By March 14, 2019June 7th, 20235 Comments

As a PhD student in the third quarter at William Carey University, I am digging deep into the literature for chapter II of my dissertation which is a comprehensive review of the literature across all health-related disciplines.

This is the research question that is guiding my lit review:

“In fourth-semester baccalaureate nursing students, how effective are unfolding case studies that emphasize clinical reasoning compared with traditional instruction to develop critical thinking and clinical reasoning to improve clinical judgment?”

Using the search words of case studies and clinical reasoning, critical thinking and clinical judgment I have identified only 20 relevant articles that compare traditional classroom lecture with case studies and its effect on critical thinking, clinical reasoning or clinical judgment.
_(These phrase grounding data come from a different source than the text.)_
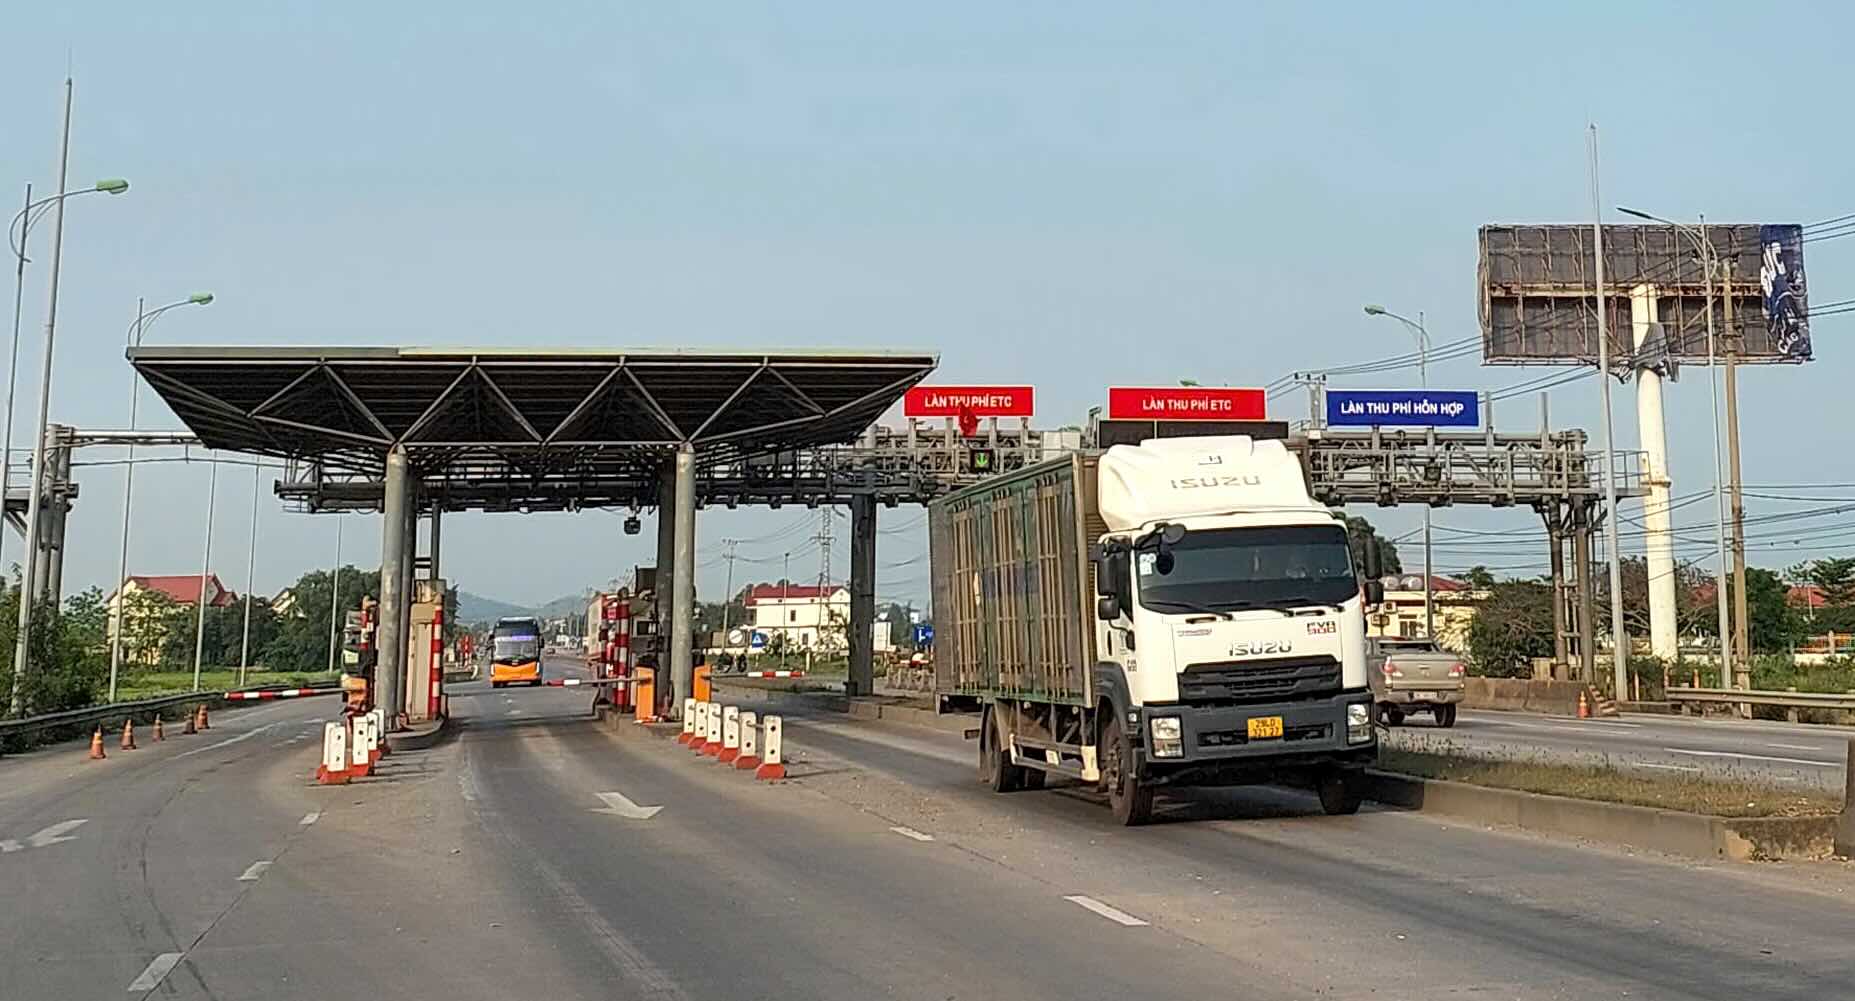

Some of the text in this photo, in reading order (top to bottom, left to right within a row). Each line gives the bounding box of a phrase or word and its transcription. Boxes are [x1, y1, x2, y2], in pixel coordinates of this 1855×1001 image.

[925, 393, 1012, 408] LÀN THU PHÍ ETC
[1142, 396, 1232, 410] LÀN THU PHÍ ETC
[1340, 399, 1465, 417] LÀN THU PHÍ HỖN HỢP
[1170, 475, 1261, 489] ISUZU
[1229, 639, 1292, 657] ISUZU
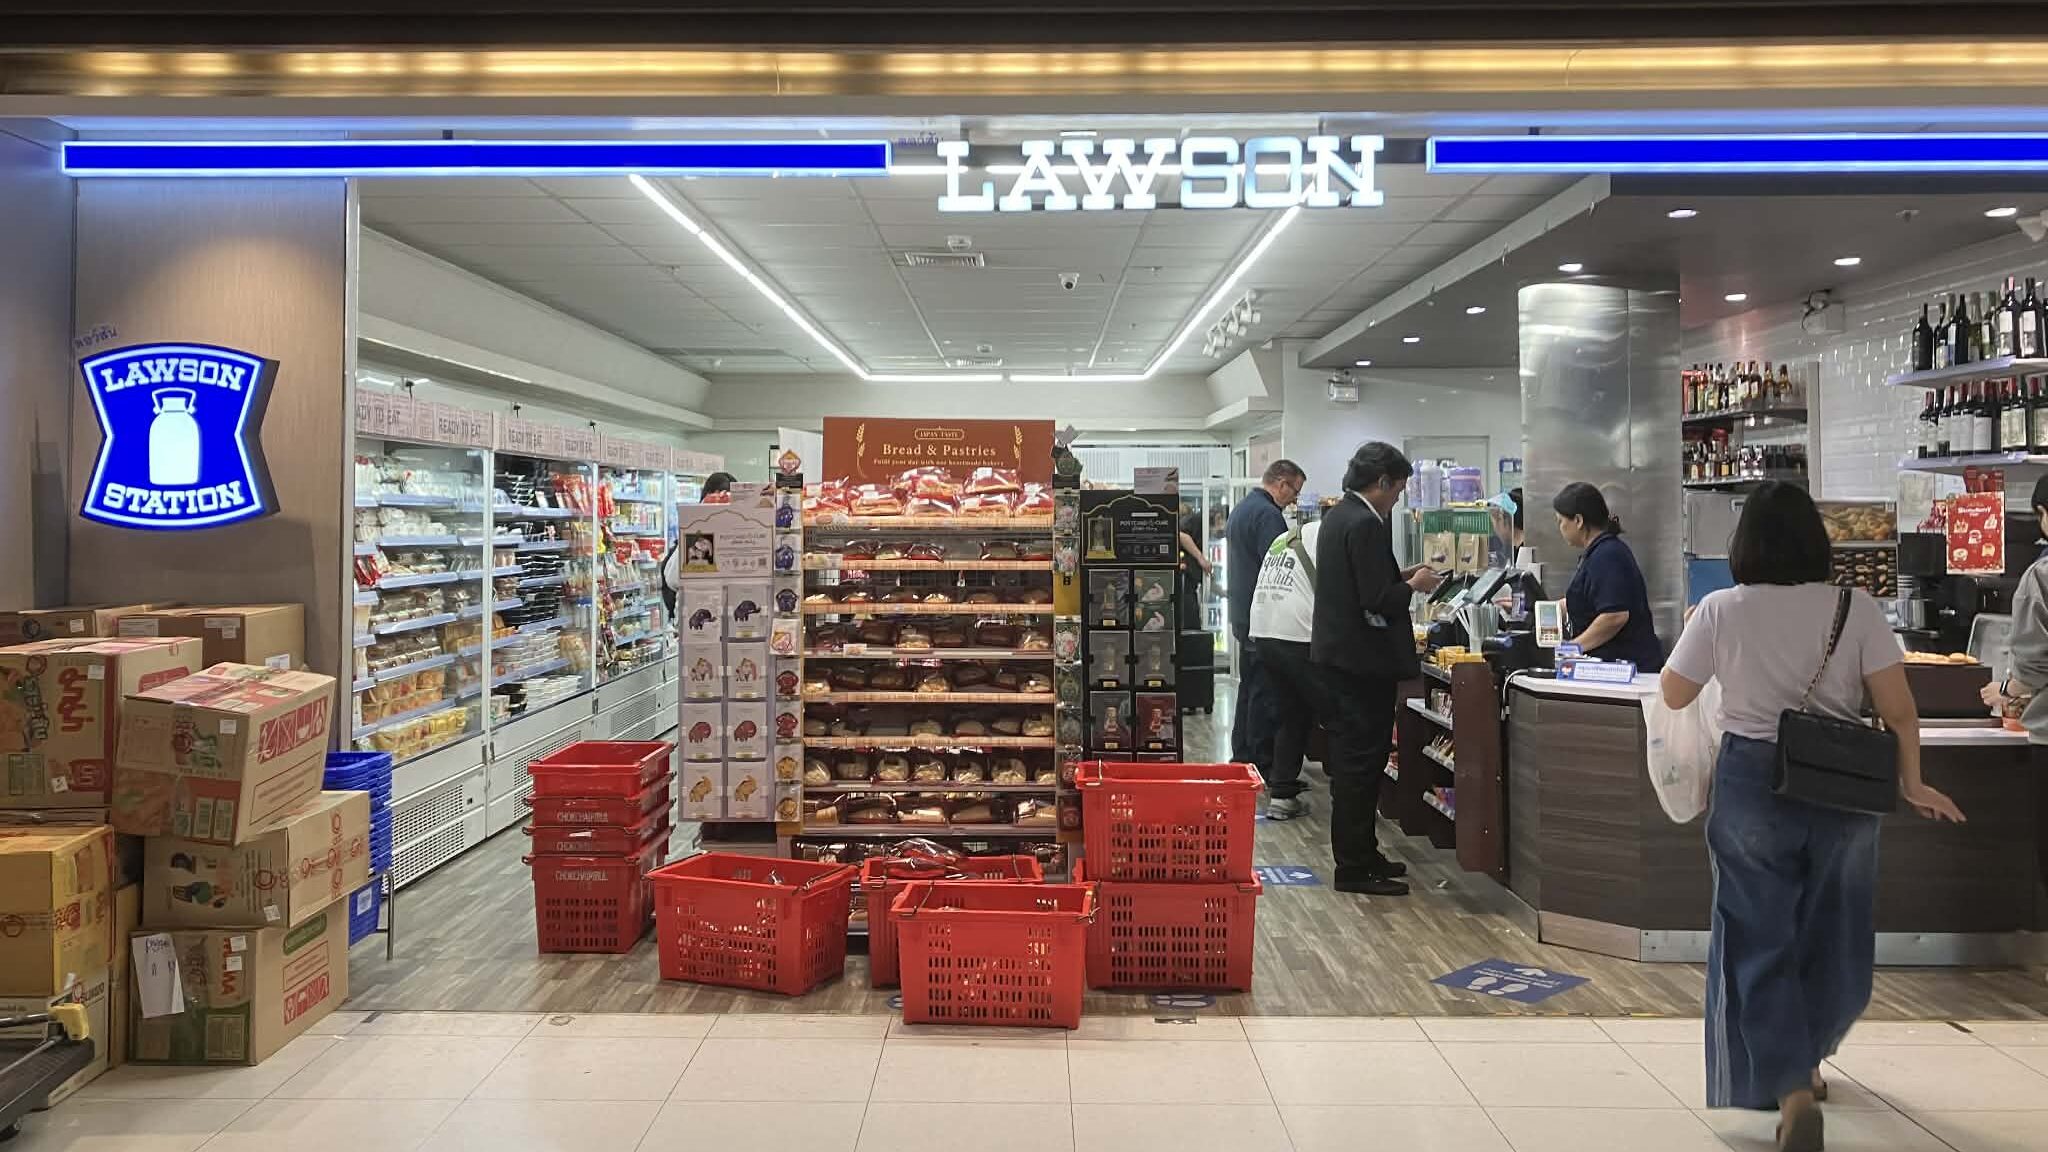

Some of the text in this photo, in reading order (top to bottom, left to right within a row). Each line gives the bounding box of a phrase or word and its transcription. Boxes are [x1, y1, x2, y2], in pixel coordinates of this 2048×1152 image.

[937, 134, 1385, 212] LAWSON
[101, 357, 246, 393] LAWSON
[375, 405, 385, 423] TO
[387, 408, 401, 426] EAT
[438, 417, 481, 437] READY TO EAT
[883, 443, 997, 457] Bread & Pastries
[103, 480, 244, 515] STATION
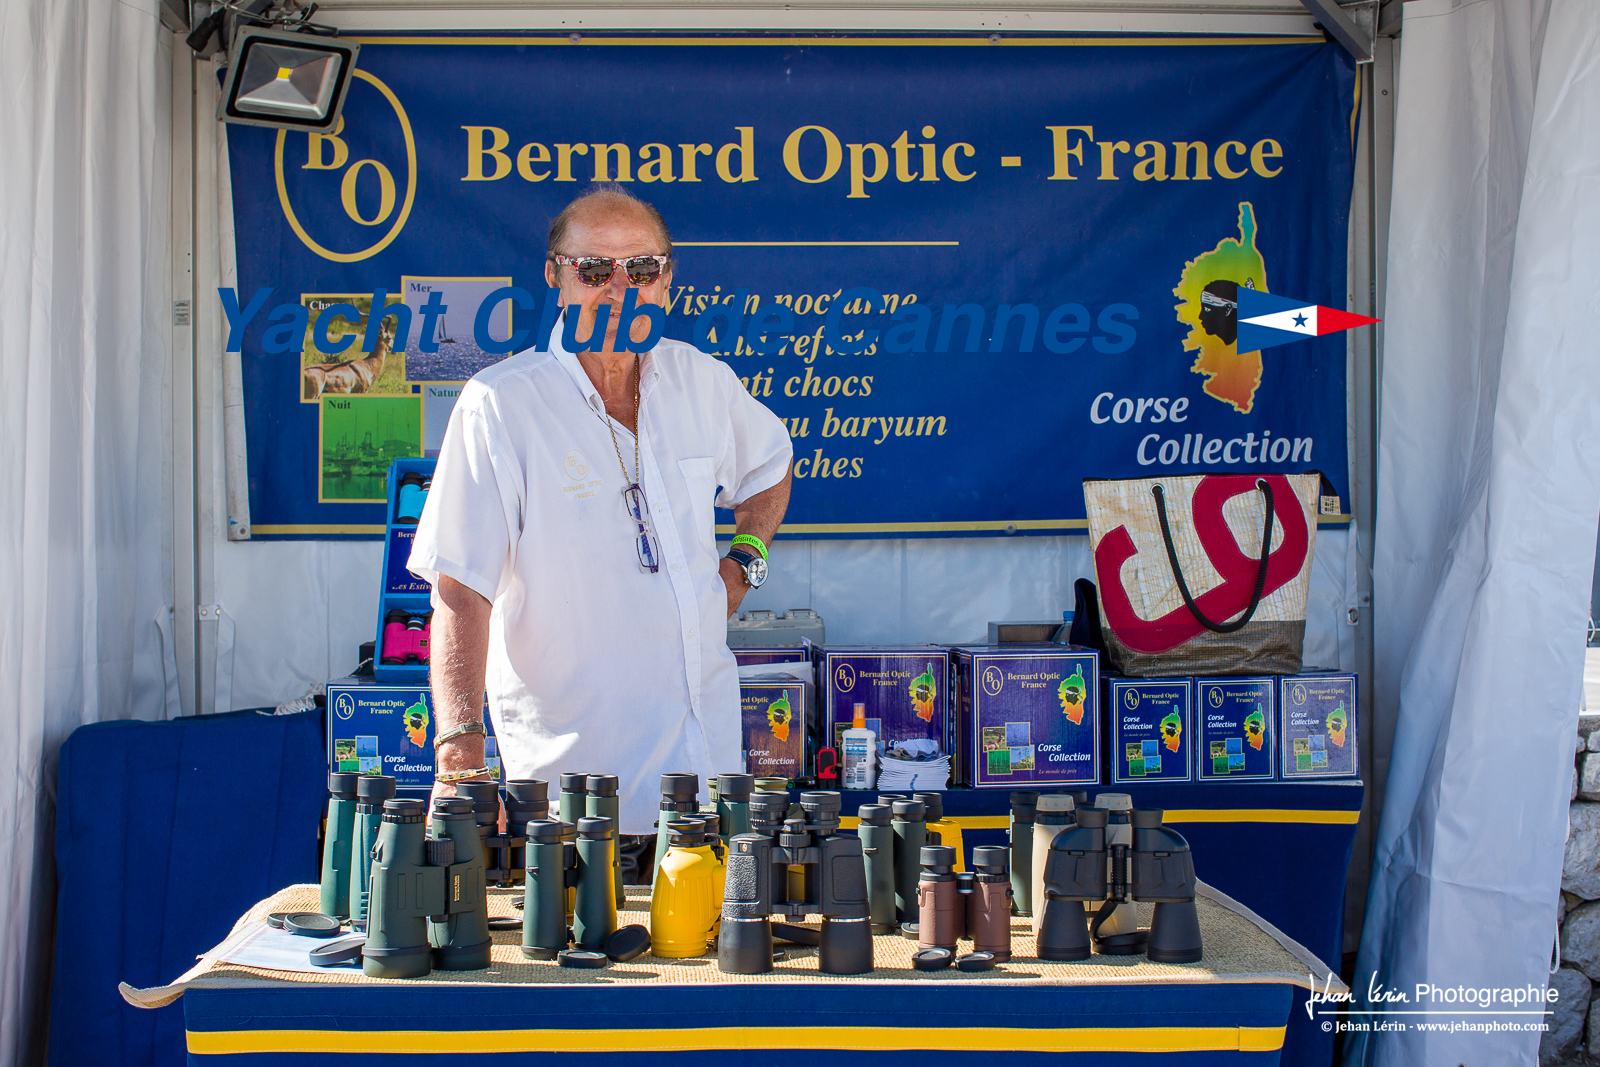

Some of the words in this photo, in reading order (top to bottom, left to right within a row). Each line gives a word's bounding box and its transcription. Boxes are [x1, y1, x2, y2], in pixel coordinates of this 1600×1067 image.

[461, 125, 759, 184] Bernard
[783, 125, 977, 198] Optic
[1001, 156, 1021, 167] -
[1045, 125, 1284, 182] France
[410, 282, 432, 293] Mer
[784, 366, 874, 397] chocs
[328, 399, 352, 410] Nuit
[1090, 391, 1189, 424] Corse
[821, 407, 947, 445] baryum
[1137, 430, 1313, 465] Collection
[793, 448, 864, 478] ches
[859, 670, 889, 678] Bernard
[891, 670, 912, 679] Optic
[1007, 672, 1038, 680] Bernard
[1040, 672, 1061, 681] Optic
[1021, 681, 1047, 689] France
[1249, 690, 1263, 698] Optic
[387, 700, 406, 708] Optic
[751, 696, 770, 704] Optic
[1291, 718, 1320, 726] Collection
[1037, 743, 1062, 752] Corse
[749, 748, 770, 757] Corse
[1048, 752, 1091, 762] Collection
[384, 754, 406, 763] Corse
[758, 757, 796, 765] Collection
[394, 763, 433, 772] Collection
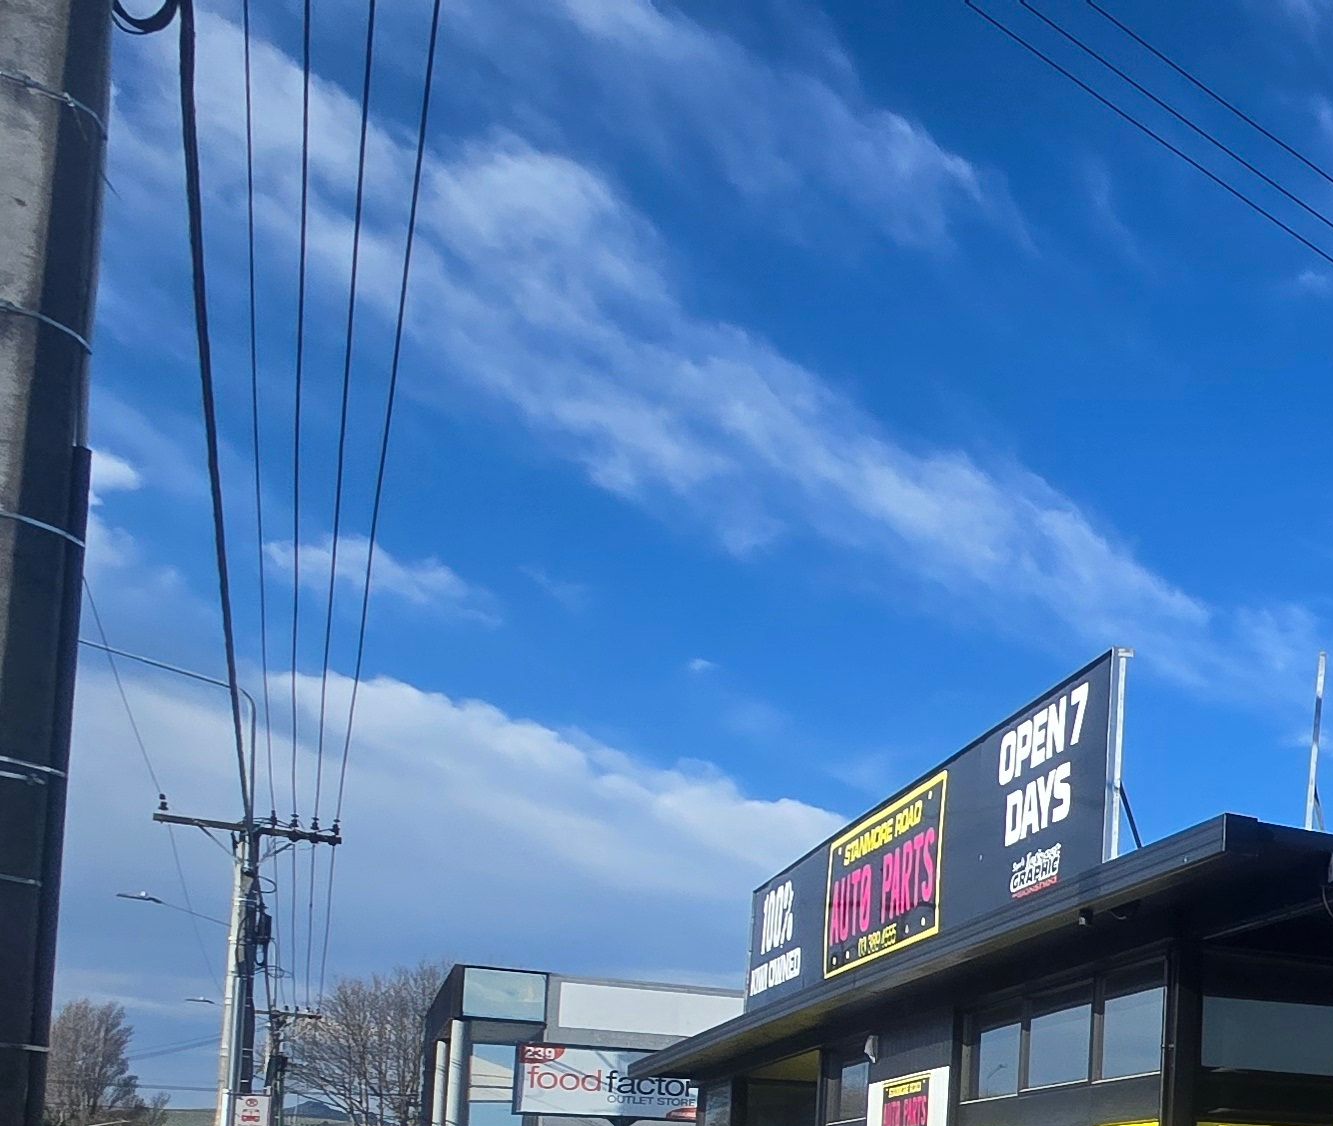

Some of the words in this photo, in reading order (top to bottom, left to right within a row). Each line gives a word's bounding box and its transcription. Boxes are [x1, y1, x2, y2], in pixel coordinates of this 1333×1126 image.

The essence of my planned research is to utilize a pretest-posttest experimental study design to assess the effect of case studies (low-fidelity simulation) on the development of critical thinking and clinical judgment over a semester then using valid and reliable tools that can quantitatively measure these constructs. A current gap in the literature exists because this study and emphasis have not yet been done.

Low Fidelity vs High Fidelity Simulation

As I was reviewing numerous articles, one caught my eye that is indirectly related to my topic: Evaluating the impact of high and low fidelity instruction in the development of auscultation skills (Chen, Grierson, & Norman, 2015).

The purpose of this study was to explore the effectiveness of high fidelity versus low fidelity simulation when senior-level nursing students were taught advanced cardiac and respiratory auscultation skills.

Students were randomized into three groups, n=21 who experienced high fidelity simulation that included a high fidelity mannequin and simulated environment to listen and learn these clinical skills, n=23 who experienced low fidelity instruction by keeping it simple and only listening to abnormal respiratory and cardiac sounds on a computer with headphones, and a control group of n=16 who received neither intervention.

Was High Fidelity Better?

Students in the low fidelity group had statistically higher (P<0.001) cardiac and respiratory test scores when tested out by faculty in comparison to the high fidelity and control groups.

Understanding Cognitive Load

A common assumption is that the more closely simulated the simulation to the real world environment the more effective learning will be. Other studies have demonstrated that high fidelity learning environments do not consistently demonstrate improved learning outcomes.

To strengthen and transform nursing education assumptions need to be validated by research and not by assumption alone. To put these unexpected findings in context cognitive load theory can help explain these findings.

This same theory of learning also captures the essence of why TMI or infobesity in the curriculum is an impediment to student learning.

Cognitive load theory recognizes that there are three distinct load variables or only so much information the brain can remember and process in working memory which is very limited in comparison to long-term memory. These load variables are:

  • Intrinsic cognitive load. This load on the brain is due to the defined learning goal or task and includes the complexity of what needs to be done.
  • Extraneous cognitive load. This results from the format of instruction that is extraneous or not necessary for teaching. As a result, it causes a greater cognitive processing burden on the students working memory.
  • Germane cognitive load. This describes the generation of brain processing that helps a student understand what is taught and promotes retention in long-term memory.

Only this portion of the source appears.